In The Practice, Seth Godin asserts that you don’t need confidence to be creative. In fact, you should stop seeking reassurance because it only slows the creative process.
Continue reading to learn why confidence and reassurance aren’t important for creative projects.
Trusting Yourself Doesn’t Mean You Have to Be Confident
Godin contends that you don’t need confidence to do creative work. Confidence is a feeling, and feelings come and go. If you have a practice of doing creative work regularly, you don’t need to depend on whether you feel confident about the work—you just do it.
Confidence doesn’t guarantee a successful outcome in any event. Every game has confident players who don’t win. In fact, insecurity is normal and means you’re trusting the process. If you didn’t have some doubt, you could veer into overconfidence or arrogance, which can lead to inadequate preparation and even illegal behavior such as fraud.
Reassurance Won’t Help You
Trusting yourself also means you need to stop seeking reassurance. Seeking reassurance is not helpful because when you’re in the midst of creative work, you don’t know how it will turn out.
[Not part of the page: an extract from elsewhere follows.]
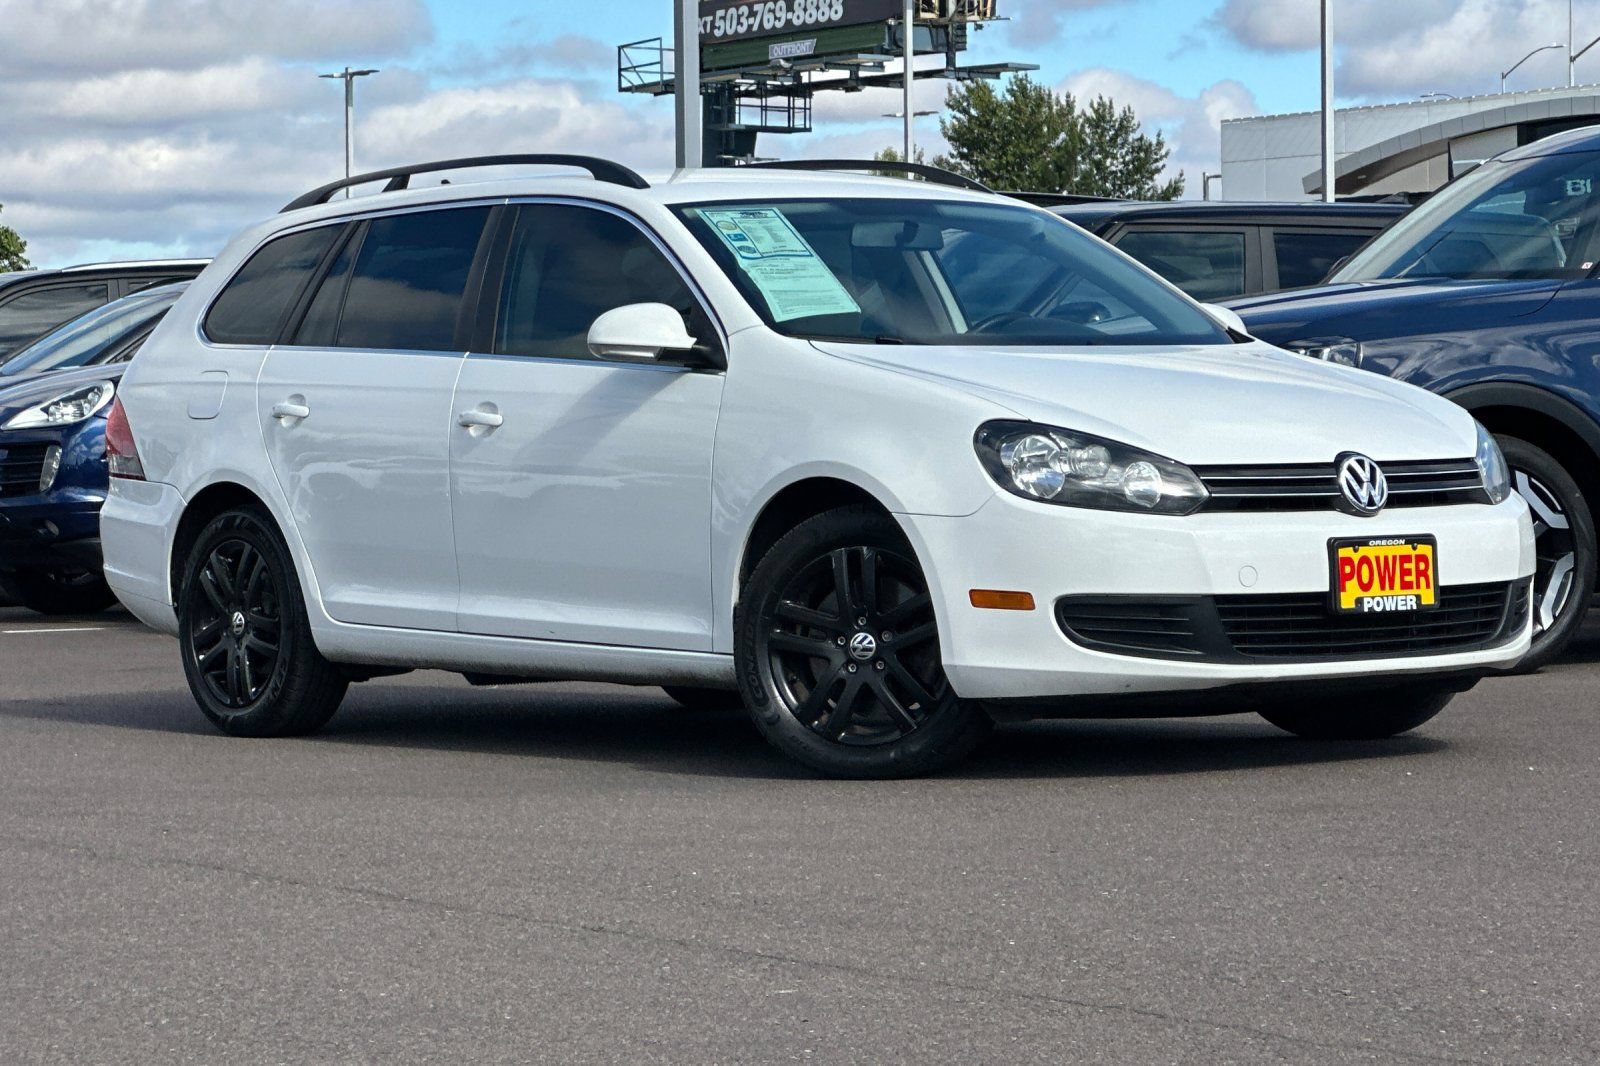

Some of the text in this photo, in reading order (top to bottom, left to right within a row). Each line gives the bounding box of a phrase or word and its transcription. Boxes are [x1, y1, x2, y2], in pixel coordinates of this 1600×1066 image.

[714, 0, 844, 37] 503-769-8888
[1340, 554, 1431, 592] POWER
[1363, 595, 1417, 612] POWER
For example, if an established writer tells you that a paragraph you wrote is brilliant, that doesn’t mean your whole book will be brilliant. The rest of the book may not meet the same standard. Conversely, if they tell you your paragraph is awful, that doesn’t mean anything about the eventual quality of your entire book.
Godin says that reassurance can’t make up for simply doing the work. Reassurance is for people who crave certainty. Successful artists recognize that certainty and attachment to the outcome are inimical to creating art.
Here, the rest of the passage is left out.